In my "Photographic Narratives" series, I want to discuss the differences and similarities between Eastern and Western cultures. By combining photography with painting, sculpture, digital art, and other media, and using different techniques, I want to make the works full of vitality and imagination, and make them more intriguing and inspiring.
From another perspective, these works are also an exploration of time and memory, but this exploration is happening from your Eastern cultural background.
Yes, you could say they are a kind of exploration of time and memory. By combining the past with the present, the real with the virtual, and abstractly presenting time and memory, I express my personal views on history, culture, and art.
The reason for doing this is inseparable from my cultural background. Chinese culture views time as a cyclical process, a continuous and repetitive progress, rather than a linear progression. Chinese culture also emphasizes respect for history and tradition, believing that history is the root and pillar of culture, and that an understanding of history can inspire an understanding of the present. Memory also has an important place in Chinese culture, as we consider it to be a person's nostalgia and exploration of the past and history. Memory is also seen as an important way to preserve cultural heritage and pass on cultural spirit. Overall, in Chinese culture, time and memory are considered cyclical, historical, and cultural.
From your previous works to now, it's not difficult to see your continuous attention and exploration of historical and cultural heritage, such as your works on China's modern history in the "Twelve Zodiac Signs", "Story of Expo Garden", "Leaving the Stage" series, and your discussions on cultural spirit in the "Thought Reading", "No Realms", " Illusory Metaphorphoses " series. And in the "Misplacement" series, we see that while this creative approach continues, your visual language has become even richer.
In the "Misplacement" series, I incorporated the characteristics of different artistic media such as photography, painting, and sculpture. Each work stands on its own, with the image consisting of two layers. The top layer is divided into nine squares, like a grid or a net, which creates a clear shadow effect under the light. The bottom layer has a flowing feeling like a Chinese ink painting, full of dynamism. With this arrangement, subtle changes occur as the light and the viewer's gaze shift. Overall, there is movement in stillness, and stillness in movement, creating a sense of misplacement. I want to use this richer and more delicate artistic language to present a visual experience that contains contradictions and uncertainties, and thus stimulate the audience's understanding and contemplation of the work.
This sense of flow seems to be further extended into your "Some Time" series in 2022. Twisted images, irregular textures, and bright colors create an atmosphere, as if these elements make up a key to unlocking some kind of memory.
In my view, both time and memory are fluid and full of uncertainty. Time can blur memories, enhance certain memories, make certain memories disappear, and even lead to the reconstruction of memories. This is very interesting. In addition, memories are unique to each individual, even at the same time and place, memories are not uniform in everyone's mind. Just like facing the same artwork, each viewer will have different thoughts, memories, and feelings triggered by it.

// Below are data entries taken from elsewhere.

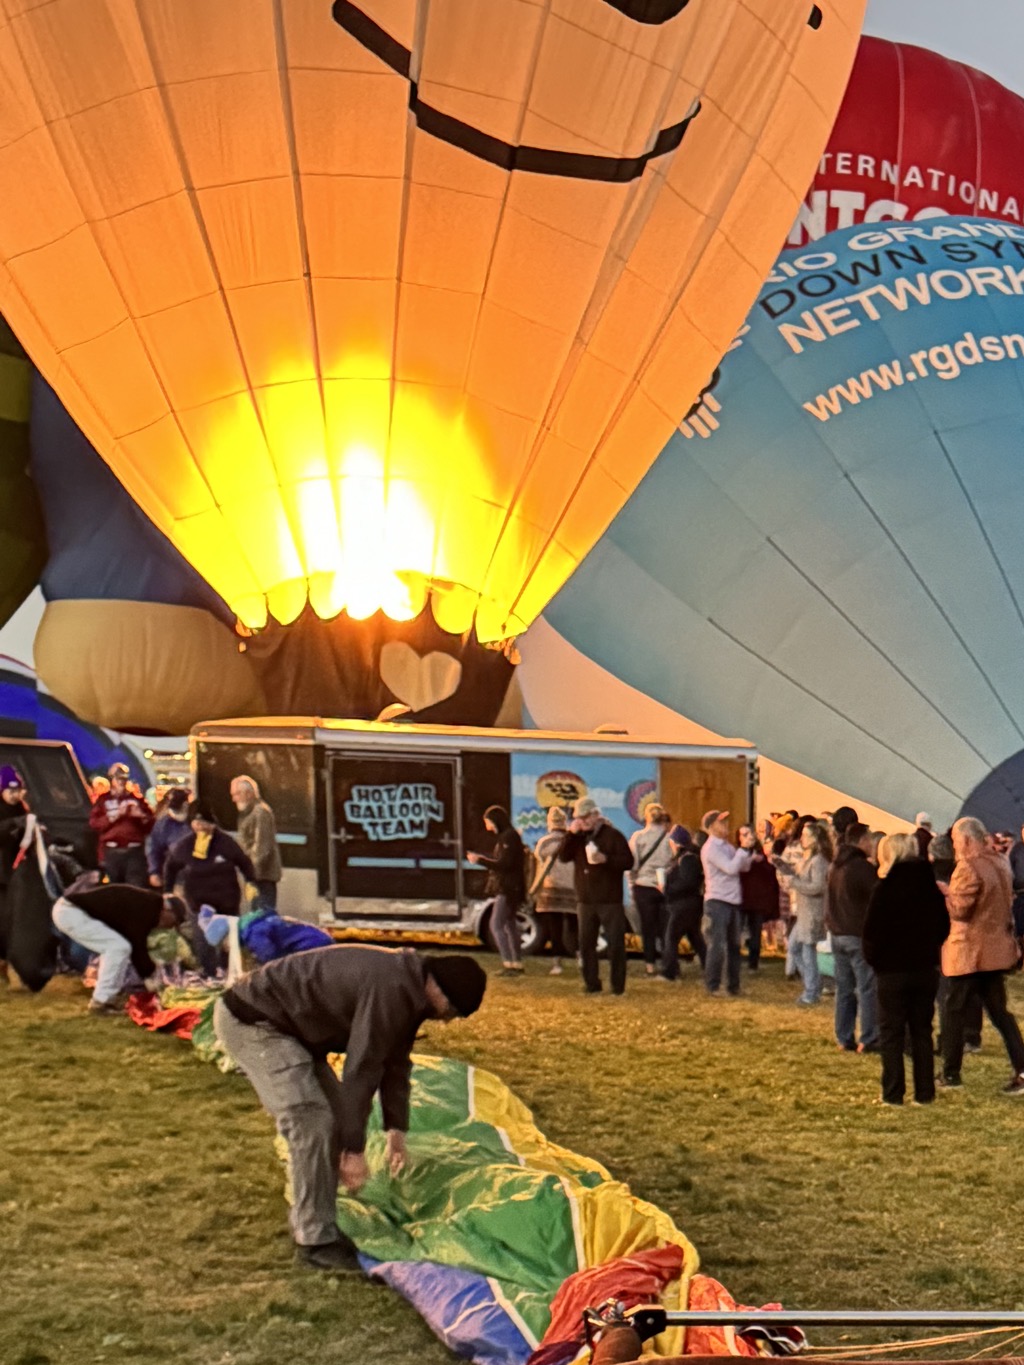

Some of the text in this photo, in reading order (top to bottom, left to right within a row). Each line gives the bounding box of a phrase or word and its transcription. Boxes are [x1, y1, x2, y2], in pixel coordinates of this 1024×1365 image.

[759, 245, 927, 320] DOWN
[354, 784, 435, 803] HOT AIR
[349, 802, 442, 820] BALLOON
[366, 819, 426, 837] TEAM
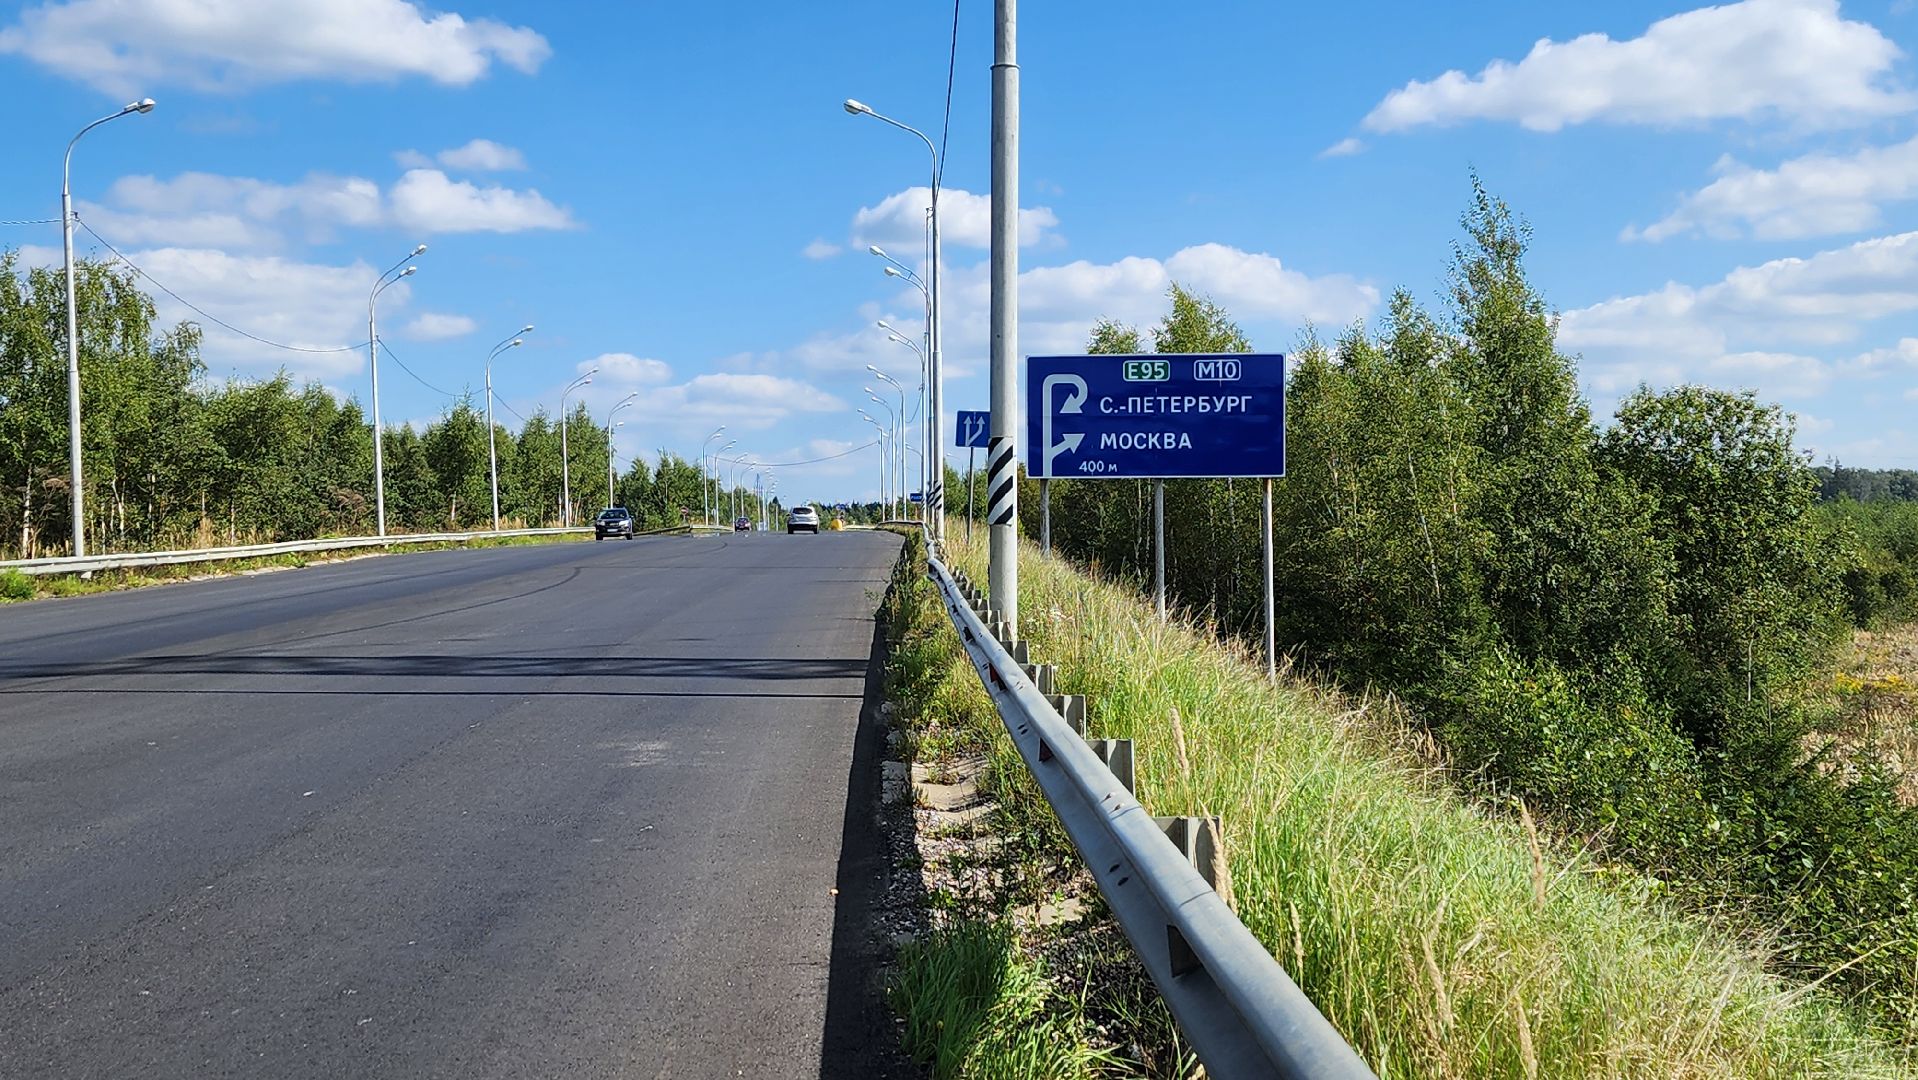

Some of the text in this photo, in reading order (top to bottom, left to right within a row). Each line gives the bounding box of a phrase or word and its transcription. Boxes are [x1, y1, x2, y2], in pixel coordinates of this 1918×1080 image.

[1128, 362, 1165, 379] E95
[1198, 362, 1237, 379] М10
[1100, 396, 1253, 413] С.-ПЕТЕРБУРГ
[1100, 432, 1193, 449] МОСКВА
[1079, 460, 1118, 473] 400 м

As an artist, do you hope that the audience's experience is the same as what you expect?
Art is a form of expression that goes beyond the artist's ideas and intentions. More importantly, it can create interactions with the audience, who can understand and interpret the work based on their own life experiences and feelings. It is normal for the audience's experience to be different from what I expect, because the value of art lies in its ability to inspire people's thinking and discussion.

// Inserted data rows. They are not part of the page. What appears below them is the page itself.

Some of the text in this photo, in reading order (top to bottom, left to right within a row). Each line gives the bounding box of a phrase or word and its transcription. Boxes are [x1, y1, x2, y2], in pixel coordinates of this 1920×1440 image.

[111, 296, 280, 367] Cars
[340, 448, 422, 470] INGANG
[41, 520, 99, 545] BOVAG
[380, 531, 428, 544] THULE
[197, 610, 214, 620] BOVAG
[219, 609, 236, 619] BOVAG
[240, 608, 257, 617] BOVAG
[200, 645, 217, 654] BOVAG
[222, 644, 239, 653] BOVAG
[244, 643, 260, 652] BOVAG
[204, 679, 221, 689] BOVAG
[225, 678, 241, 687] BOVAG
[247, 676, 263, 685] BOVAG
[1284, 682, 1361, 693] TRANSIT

Has the pandemic caused any new changes in your exploration of time, memory, and history?
The pandemic has had a profound impact on everyone, including artists. During this time, my own focus on history, memory, and cultural heritage has increased, as in such special moments, people often pay more attention to their families, friends, and cultural heritage. The cherish and protection of these heritages may also be stronger. Looking back at the past can help us better understand ourselves and our world, and help us make wiser decisions in the future.
Technology will undoubtedly play an important role in our future life, and many emerging technologies have entered the art world. Are you an artist who embraces technology?

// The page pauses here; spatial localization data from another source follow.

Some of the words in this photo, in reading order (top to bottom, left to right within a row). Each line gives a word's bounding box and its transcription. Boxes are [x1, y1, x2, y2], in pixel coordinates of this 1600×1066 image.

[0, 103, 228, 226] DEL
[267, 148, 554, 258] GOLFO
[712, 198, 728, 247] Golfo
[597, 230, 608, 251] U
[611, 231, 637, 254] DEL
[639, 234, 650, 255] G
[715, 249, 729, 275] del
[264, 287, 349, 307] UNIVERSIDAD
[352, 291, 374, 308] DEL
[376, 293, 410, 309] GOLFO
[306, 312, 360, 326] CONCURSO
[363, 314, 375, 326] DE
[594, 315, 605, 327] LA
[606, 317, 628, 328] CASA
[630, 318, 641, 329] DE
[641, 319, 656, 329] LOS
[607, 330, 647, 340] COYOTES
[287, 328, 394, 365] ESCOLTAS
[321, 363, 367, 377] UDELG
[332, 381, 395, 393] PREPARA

In my view, the changes that technology brings to the human world outweigh the negatives. In my daily life, I pay attention to the emergence of new technologies, and in art, I believe that technology can not only enrich the artist's creative means, but also help explore new ways of creation and think about contemporary society in a timely manner. For a few years ago, I have been actively researching digital art, combining it with my own creative process, and you can see this in works such as "Re-reading of Art History", "1980s," and "Days away from Home" In addition, I have also created some NFT works. AI technology's involvement in artistic creation is a point of interest for me, and I may apply it to my own art in the future.